Adding esp_http_server.h to the generator

Till_Harbaum · February 11, 2021, 8:38pm

The malloc is definitely related to this. This runs forever:

esp_err_t http_server_internal_handler(httpd_req_t *req) {
  printf("req\n");  
  httpd_resp_sendstr(req, "<h1>Micropython test</h1>");
  return 0;
}

This crashes after some time or triggers those weird python error messages:

esp_err_t http_server_internal_handler(httpd_req_t *req) {
  printf("req\n");
  httpd_resp_sendstr(req, "<h1>Micropython test</h1>");

  void *p = NEW_PTR_OBJ(httpd_req_t, req);
  printf("p = %p\n", p);
  return 0;
}

Nothing else involved, no scheduler, no semaphores, no python callback … just the pure object creation …

amirgon · February 11, 2021, 8:59pm

Sure, but under the hoods the Python object you are passing is also created with m_new_obj so I don’t see how that would help.
On the C side a Python object is represented by mp_obj_t.

Maybe the object is garbage collected?
In such case its memory is allocated to another object. So when you write to it you overwrite some other Python object.
To prevent this, a reference to your object must be preserved somewhere on the Python side.

You can verify whether gc is related by trying to disable garbage collection by gc.disable(), and see if the problem still happens when gc is disabled.

Till_Harbaum · February 11, 2021, 9:04pm

Maybe. That would not hurt. I am not touching the object ever again. I am just creating it and then forget about it.

Till_Harbaum · February 11, 2021, 9:20pm

I am testing a very ugly solution which so far looks pretty good … I am not generating a new object for every callback. Instead I create it once to re-use it. So I keep a reference and replace the embedded pointer on every callback invocation,

But now I likely have a gc problem since I’ll never know when gc will destroy this object … I can of course keep a reference on python side but that will look confusing as I keep a reference to this object for no apparent reason.
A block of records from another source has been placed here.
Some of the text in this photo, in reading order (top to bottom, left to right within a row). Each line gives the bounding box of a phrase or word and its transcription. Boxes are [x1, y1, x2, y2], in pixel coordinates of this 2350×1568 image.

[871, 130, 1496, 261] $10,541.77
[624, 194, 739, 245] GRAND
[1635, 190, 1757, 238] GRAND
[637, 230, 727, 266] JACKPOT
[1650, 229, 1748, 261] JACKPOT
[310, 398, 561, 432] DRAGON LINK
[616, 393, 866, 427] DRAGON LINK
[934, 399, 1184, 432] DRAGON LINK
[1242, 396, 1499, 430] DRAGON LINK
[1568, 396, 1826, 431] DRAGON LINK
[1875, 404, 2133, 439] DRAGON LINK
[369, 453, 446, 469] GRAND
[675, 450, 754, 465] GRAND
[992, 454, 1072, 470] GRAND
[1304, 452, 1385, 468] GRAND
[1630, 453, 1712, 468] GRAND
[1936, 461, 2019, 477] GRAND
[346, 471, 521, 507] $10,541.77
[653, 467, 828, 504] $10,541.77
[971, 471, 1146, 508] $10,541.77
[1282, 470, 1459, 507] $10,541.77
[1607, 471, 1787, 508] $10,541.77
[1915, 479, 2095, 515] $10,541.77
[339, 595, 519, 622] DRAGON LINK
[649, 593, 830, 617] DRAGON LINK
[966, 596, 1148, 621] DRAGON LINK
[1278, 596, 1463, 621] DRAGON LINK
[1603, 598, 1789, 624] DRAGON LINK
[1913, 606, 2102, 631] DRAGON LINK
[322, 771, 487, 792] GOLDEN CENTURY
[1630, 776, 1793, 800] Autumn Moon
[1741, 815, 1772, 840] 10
amirgon · February 11, 2021, 9:28pm

You can keep it as another member of handler_data_t next to user_data.
The user won’t care about your object in the same way he doesn’t care about user_data, but gc will not collect it as long as the user holds handler_data_t.

Still… I wonder what we are missing here that is causing this issue.

Till_Harbaum · February 11, 2021, 9:33pm

I am doing exactly that. But how should gc know that this void pointer actually points to one of the objects its about to delete? MP IMO does not know anything about pointers I store inside handler_data_t.

amirgon · February 11, 2021, 9:49pm

It knows.
The gc scans all memories it allocated (handler_data_t included) looking for pointers to other memories it allocated, and marks them (it’s a “mark and sweep” gc).

Till_Harbaum · February 11, 2021, 9:51pm

So if I store random data which coincidentally equals the pointer to some object then this object will not be deleted?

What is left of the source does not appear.